Aujourd’hui, nous pouvons retarder la mort, l’éviter pendant un certain temps. Nous avons agrandi notre espérance de vie. La vie est devenue précieuse, à préserver avec soin. Donc, il faut tout faire pour repousser la faucheuse. Les médecins travaillent d’arrache-pied pour nous garder en santé.
Et la guerre rend la mort de moins en moins honorable. D’autant plus qu’elle tue généreusement. La guerre ne tue plus un soldat à la fois, mais une ville, un pays, un peuple d’un seul coup, en quelques heures, parfois en quelques minutes. Quand la bombe nucléaire a frappé Hiroshima, on a reconnu que, dorénavant, un peuple pouvait disparaître sous l’effet d’une seule bombe. Dorénavant, la guerre ratisse largement.

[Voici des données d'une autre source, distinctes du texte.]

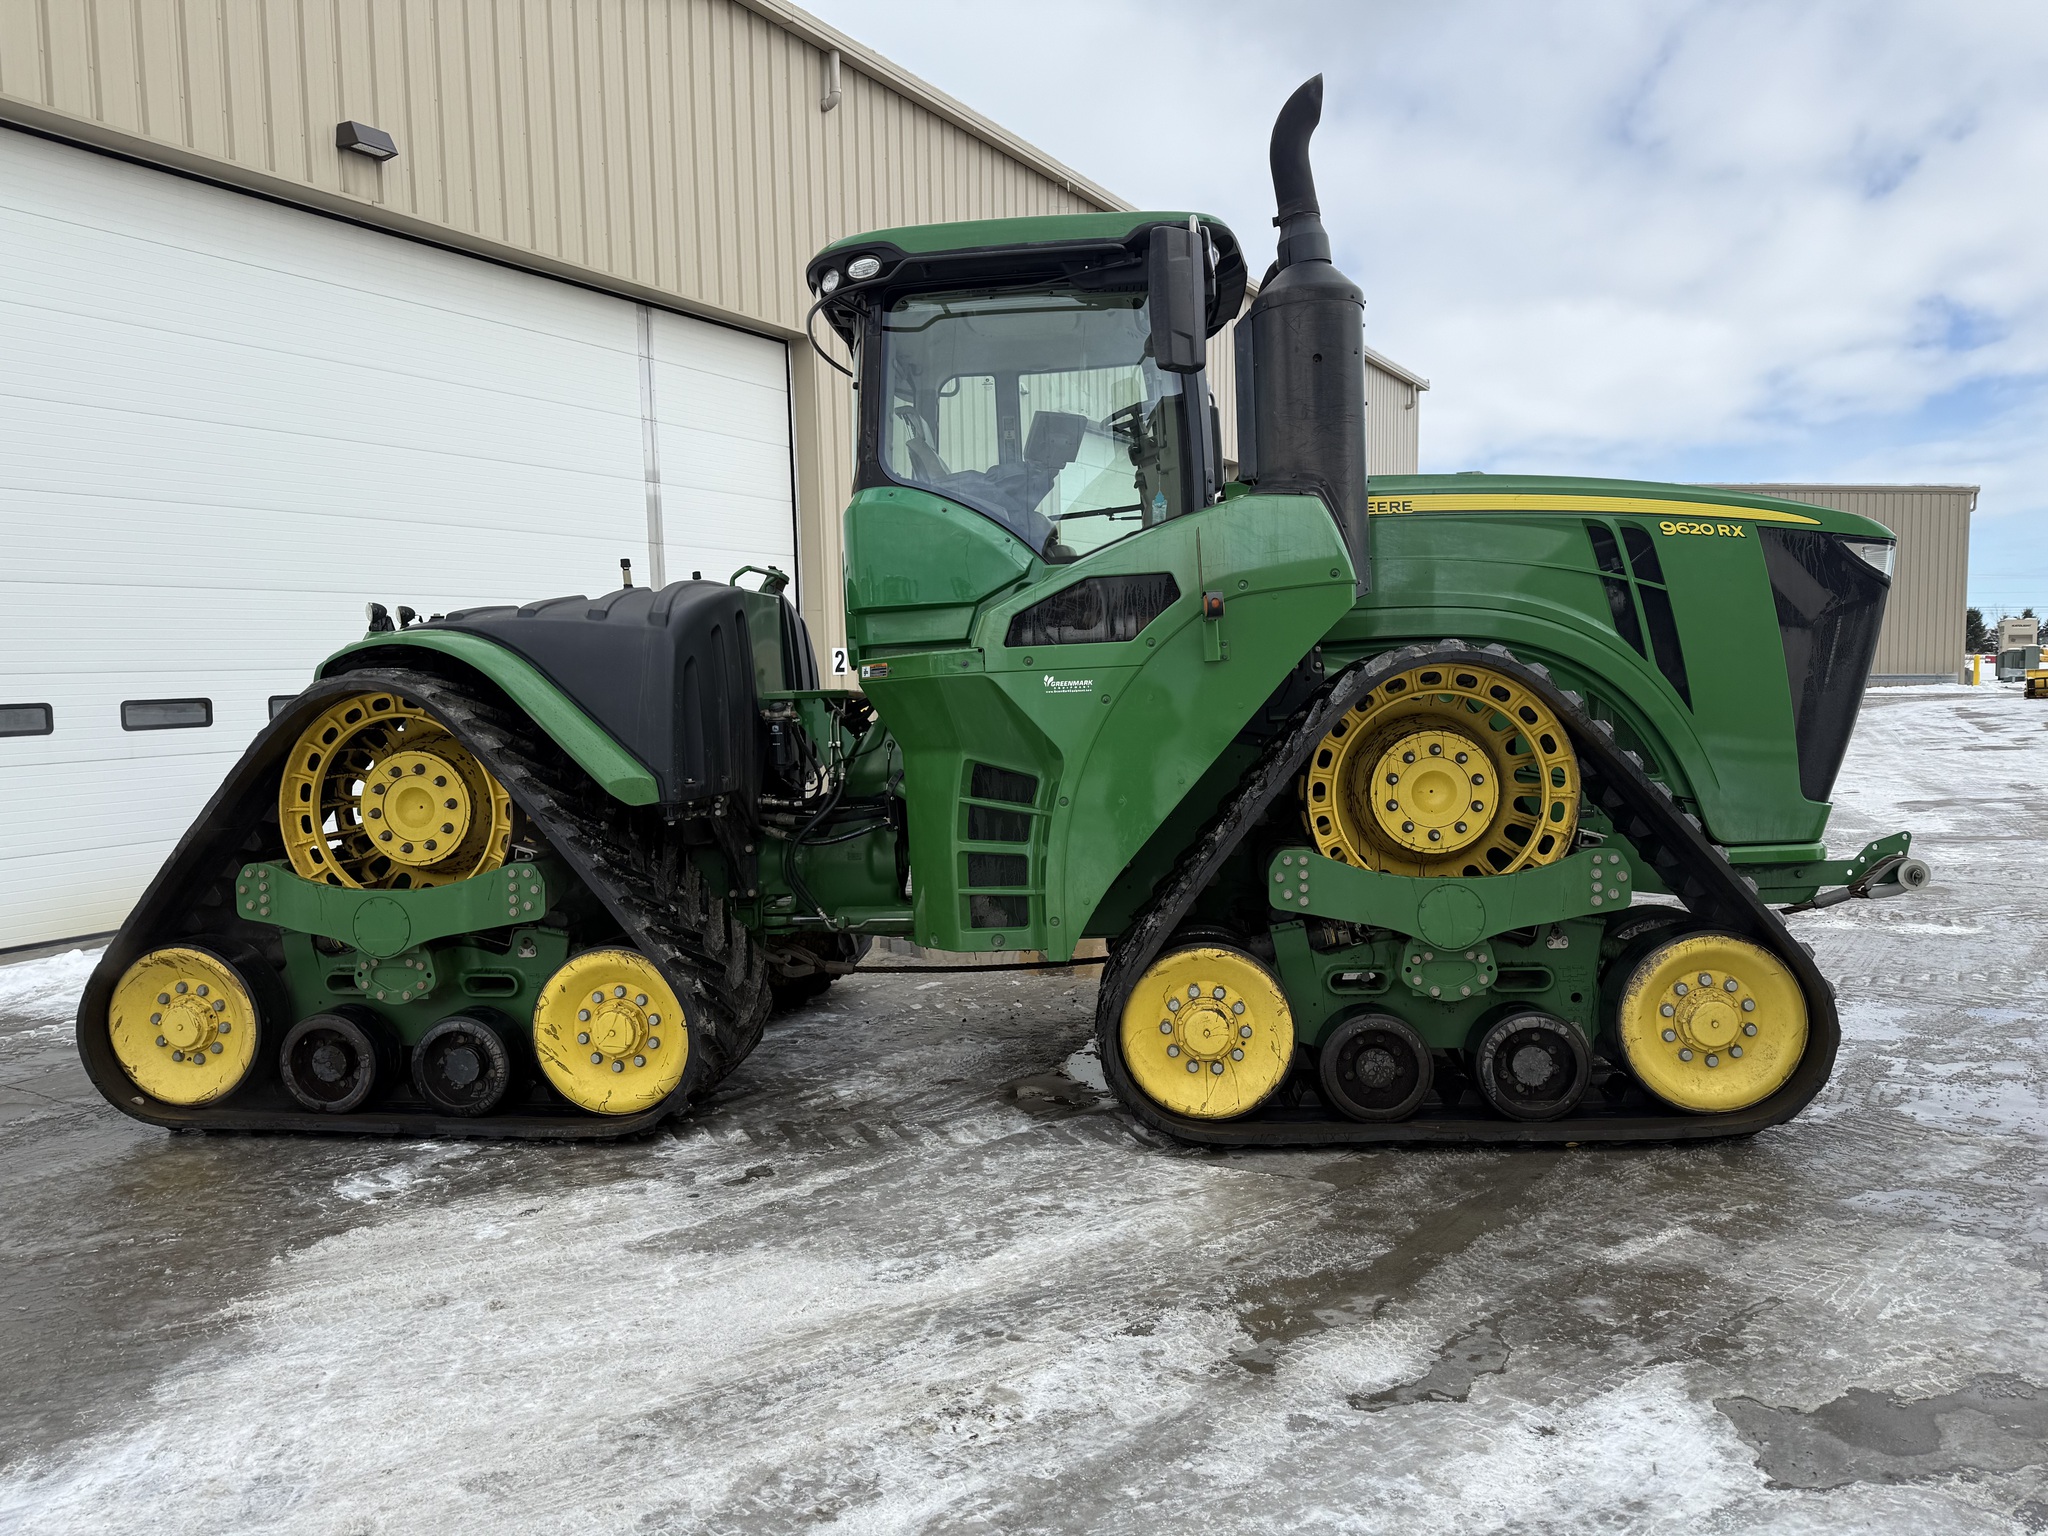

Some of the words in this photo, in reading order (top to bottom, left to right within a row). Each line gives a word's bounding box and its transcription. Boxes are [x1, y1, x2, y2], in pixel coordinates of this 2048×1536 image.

[1659, 521, 1715, 536] 9620
[1716, 524, 1746, 538] RX
[835, 650, 845, 673] 2

La guerre est donc devenue plus injuste qu’autrefois. De grands sages parlent d’échec pour l’humanité. Avec raison. Il existe dans tout être, même le plus maléfique, un coin de bonté, un jardin secret sur lequel nous pouvons compter pour abolir les murs, pour jeter des ponts. Nos motifs d’agir sont souvent les mêmes. Nous avons les mêmes soifs. Si nous prenions le temps de nous parler, nous pourrions puiser à la même fontaine et nous offrir mutuellement l’eau qui pourrait désaltérer nos soifs. Pour régler les conflits, même les plus grands, nous avons des outils, des moyens d’arbitrage, des règles de dialogue, des lois pour tracer la route vers les solutions.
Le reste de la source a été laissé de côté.